Hi all,
I'm tackling an interesting machine learning problem and would love to hear if anyone knows a good algorithm to deal with the following:
- The algorithm must learn to approximate a function of N inputs and M outputs
- N is quite large, e.g. 1,000-10,000
- M is quite small, e.g. 5-10
- All inputs and outputs are floating point values, could be positive or negative, likely to be relatively small in absolute value but no absolute guarantees on bounds
- Each time period I get N inputs and need to predict the M outputs, at the end of the time period the actual values for the M outputs are provided (i.e. this is a supervised learning situation where learning needs to take place online)
- The underlying function is non-linear, but not too nasty (e.g.
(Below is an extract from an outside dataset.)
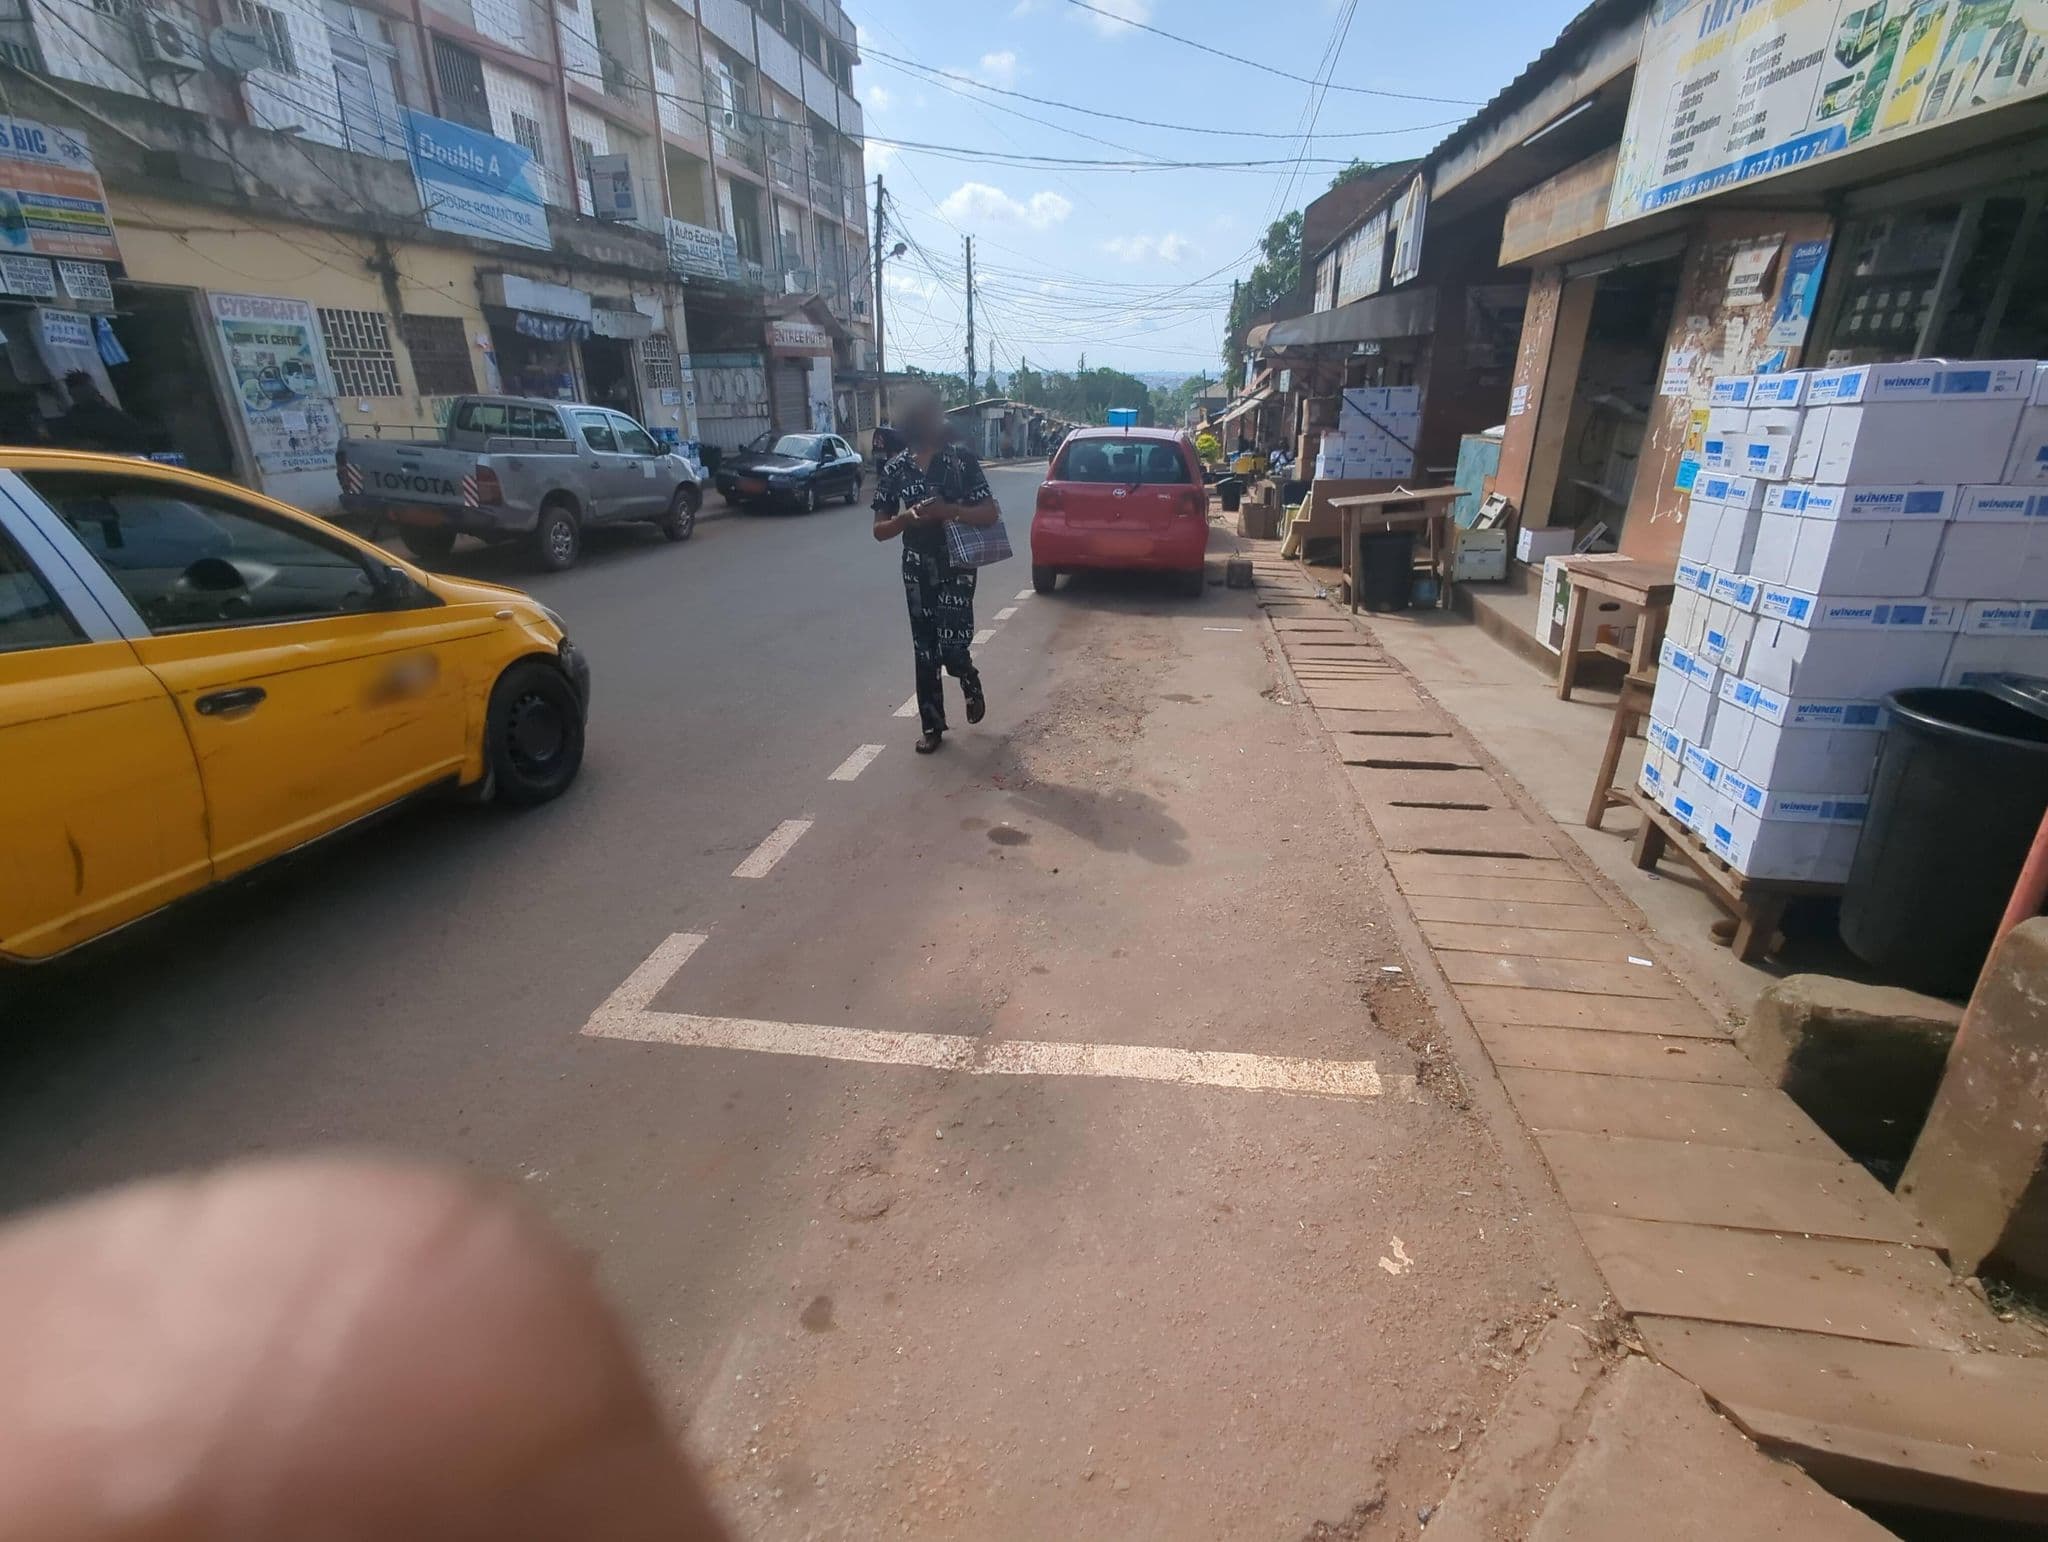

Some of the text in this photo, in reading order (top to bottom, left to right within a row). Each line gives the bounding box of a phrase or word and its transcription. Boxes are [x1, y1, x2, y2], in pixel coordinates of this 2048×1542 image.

I expect it will be smooth and continuous over most of the input space)
- There will be a small amount of noise in the function, but signal/noise is likely to be good - I expect the N inputs will expain 95%+ of the output values
- The underlying function is slowly changing over time - unlikely to change drastically in a single time period but is likely to shift slightly over the 1000s of time periods range
- There is no hidden state to worry about (other than the changing function), i.e. all the information required is in the N inputs
I'm currently thinking some kind of back-propagation neural network with lots of hidden nodes might work - but is that really the best approach for this situation and will it handle the changing function?